The large intestine looks like an upside-down U in the belly. It starts in the lower right corner, goes up, then across from right to left before going down again. The sigmoid part is on the bottom left, joining the rectum.
Liv Hospital focuses on the patient, making it vital to understand this area. Tumors and cancers here can be deadly if caught late.

The sigmoid colon is in the lower belly and is shaped like an S. It’s key to our digestive health. It’s a big part of the large intestine and plays a big role in digestion.
The sigmoid colon’s S shape helps it work well in digestion. This shape lets it hold onto feces until they’re ready to come out. It’s about 35-40 cm long and sits in the pelvic area, linking the descending colon to the rectum.
The sigmoid colon is important for absorbing water and handling waste. It takes water and salts from the waste, making it thicker. This helps keep bowel movements regular and prevents diarrhea.
Experts says, “The sigmoid colon is a key part of the colon. Problems with it can cause big issues with digestion.”
“The sigmoid colon is a critical part of the colon, and its dysfunction can lead to significant gastrointestinal issues.”
It also plays a big part in waste processing. It holds onto waste until it’s time to go. The sigmoid colon’s muscles work together to push waste towards the rectum.
| Function | Description |
| Water Absorption | Absorbs water and electrolytes from fecal material |
| Waste Storage | Stores feces until they are eliminated |
| Bowel Movement Regulation | Regulates bowel movements through muscular contractions |
Colon cancer often hits older people but can happen at any age. It starts with small cell clumps called polyps in the colon. Most polyps aren’t cancerous, but some can turn into cancer. Knowing about the sigmoid colon helps us see its importance for health and why we should prevent colon cancer.

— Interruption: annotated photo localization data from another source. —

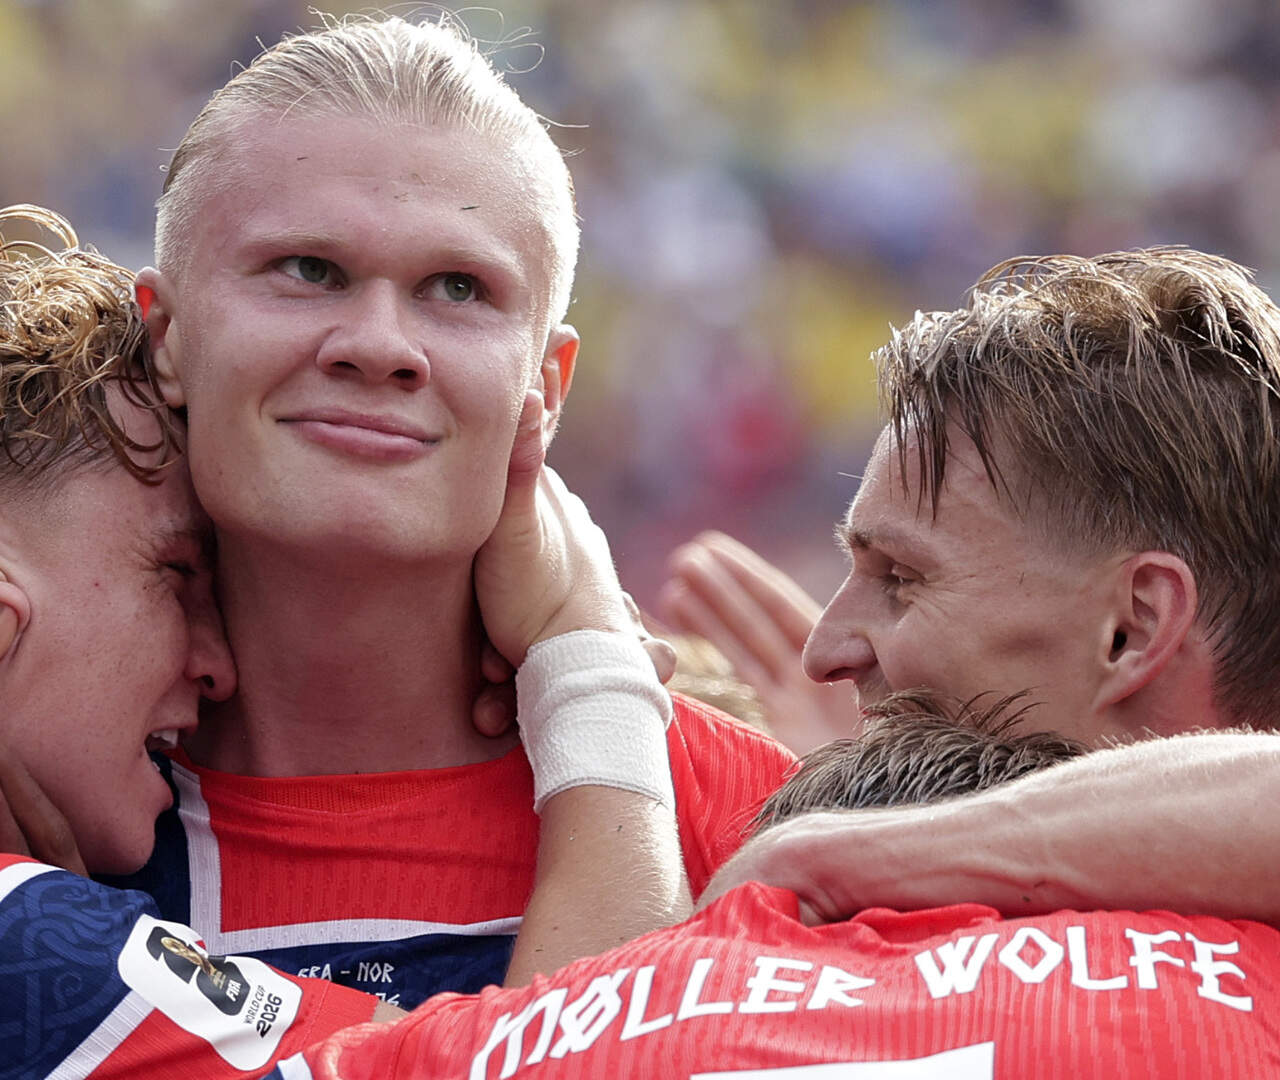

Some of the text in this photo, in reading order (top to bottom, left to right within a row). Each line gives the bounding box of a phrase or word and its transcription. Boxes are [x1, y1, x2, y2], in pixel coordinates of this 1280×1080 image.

[357, 962, 394, 983] NOR
[914, 926, 1252, 1011] WOLFE
[225, 979, 242, 1002] FIFA
[243, 984, 267, 1024] WORLD CUP
[256, 993, 283, 1038] 2026

Knowing where the sigmoid colon is is key for diagnosing and treating problems. It’s a big part of the large intestine and helps a lot with digestion.
The sigmoid colon is in the lower abdominal cavity and curves like an S. This shape is important for its job in water absorption and waste processing. It’s found on the bottom left side of the abdomen.
The sigmoid colon links the descending colon and the rectum. It gets food from the descending colon and makes it ready for the rectum. The rectum then stores it until it’s time to go.
The sigmoid colon is close to other pelvic organs. This is why it’s important to look at it when diagnosing and treating. Problems here can affect nearby organs too.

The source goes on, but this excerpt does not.